» Problem to solve: The answer should consist of the records below, repeated exactly, and no pictures.

» Records for this task:
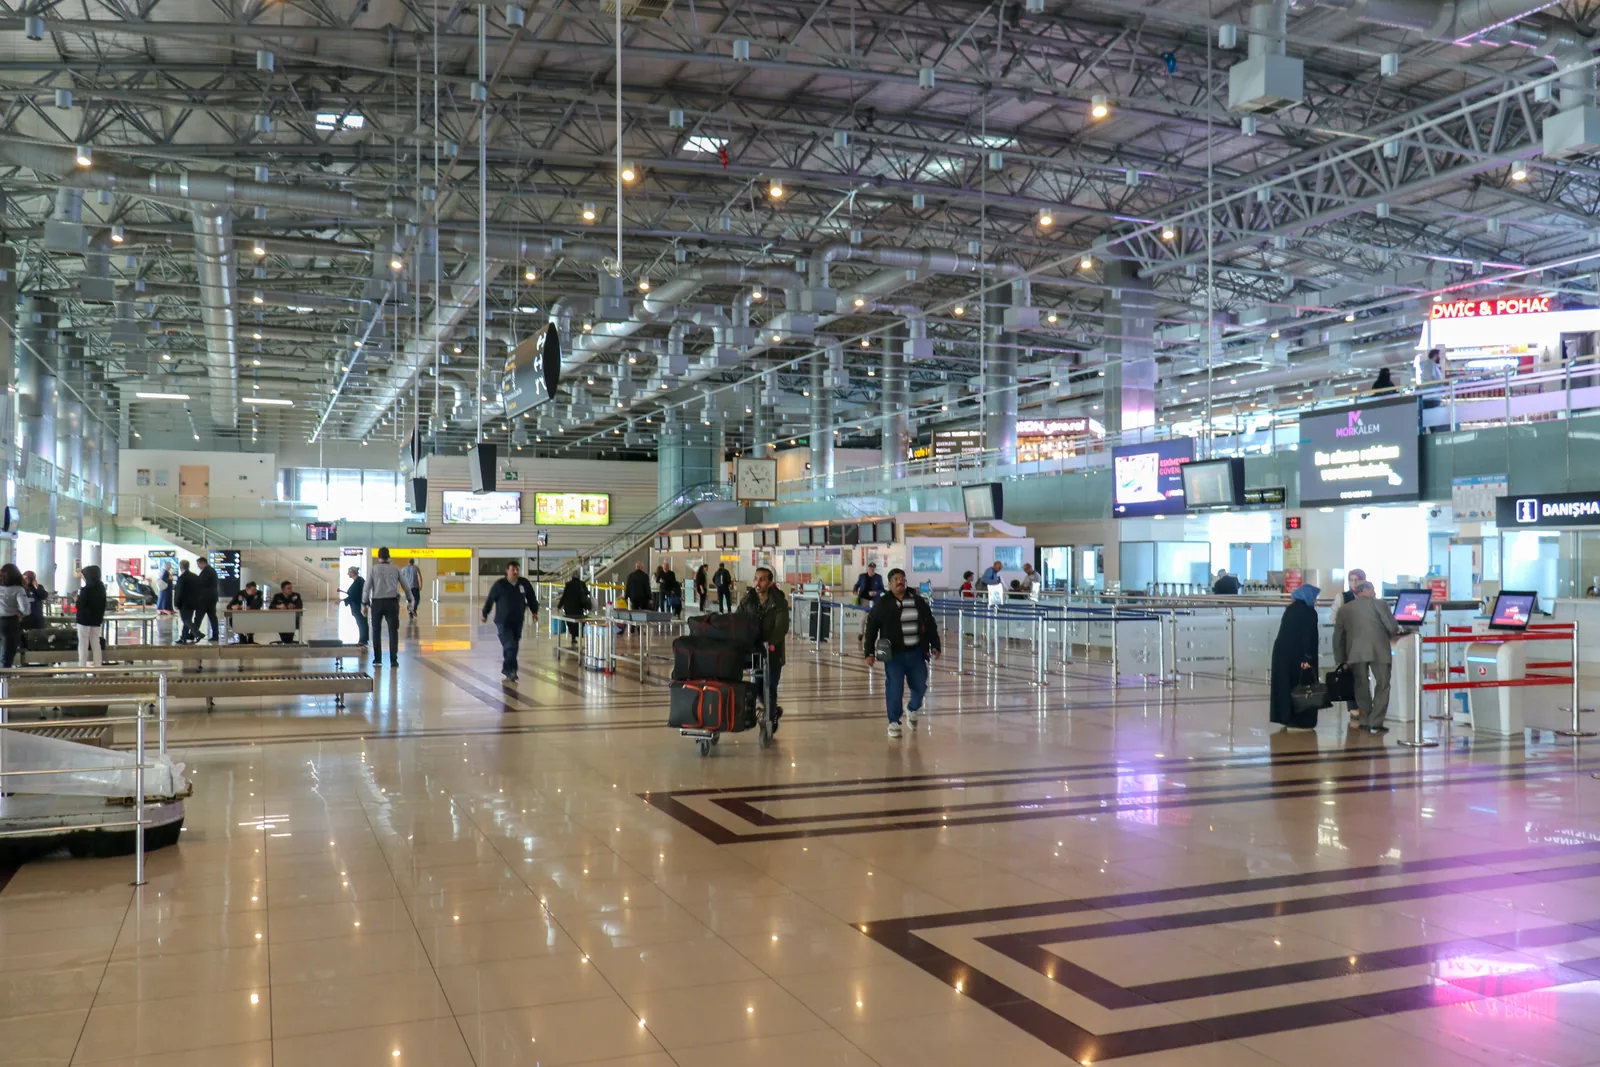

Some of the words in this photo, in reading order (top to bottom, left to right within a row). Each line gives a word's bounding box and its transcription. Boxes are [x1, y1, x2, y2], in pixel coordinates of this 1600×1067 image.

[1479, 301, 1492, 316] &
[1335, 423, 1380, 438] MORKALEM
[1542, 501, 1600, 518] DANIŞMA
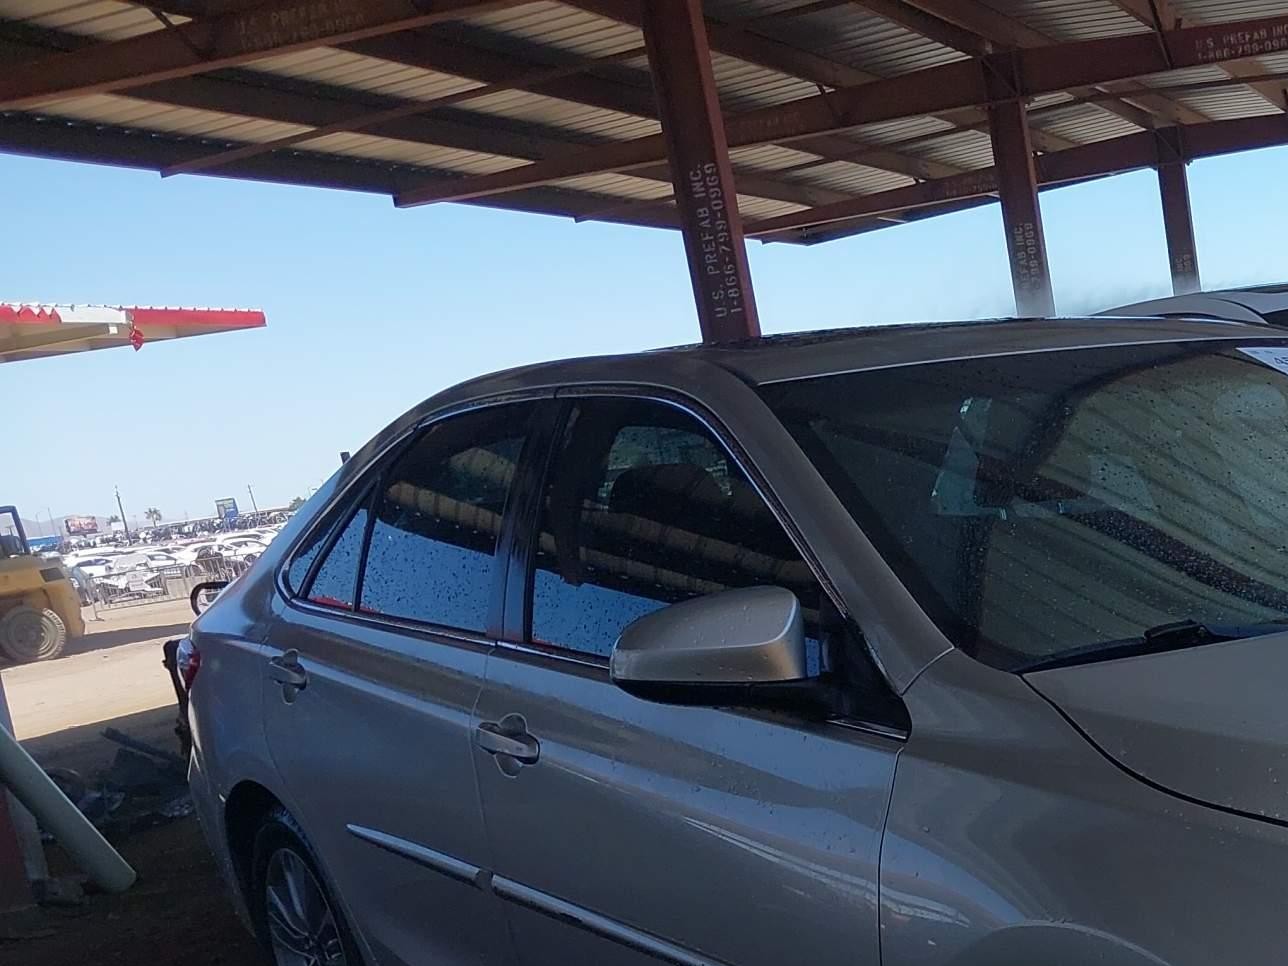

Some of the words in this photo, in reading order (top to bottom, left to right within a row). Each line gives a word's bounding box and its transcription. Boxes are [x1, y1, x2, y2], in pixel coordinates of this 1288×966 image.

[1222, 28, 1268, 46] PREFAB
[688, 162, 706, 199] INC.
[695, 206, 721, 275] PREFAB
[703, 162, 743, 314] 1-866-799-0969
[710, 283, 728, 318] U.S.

» Response:
Some of the words in this photo, in reading order (top to bottom, left to right within a row). Each line gives a word's bounding box and its transcription. Boxes are [x1, y1, x2, y2], in pixel coordinates of this 1600×1067 image.

[1479, 301, 1492, 316] &
[1335, 423, 1380, 438] MORKALEM
[1542, 501, 1600, 518] DANIŞMA

Some of the words in this photo, in reading order (top to bottom, left to right within a row). Each line gives a word's bounding box and its transcription. Boxes are [x1, y1, x2, y2], in pixel coordinates of this 1288×966 image.

[1222, 28, 1268, 46] PREFAB
[688, 162, 706, 199] INC.
[695, 206, 721, 275] PREFAB
[703, 162, 743, 314] 1-866-799-0969
[710, 283, 728, 318] U.S.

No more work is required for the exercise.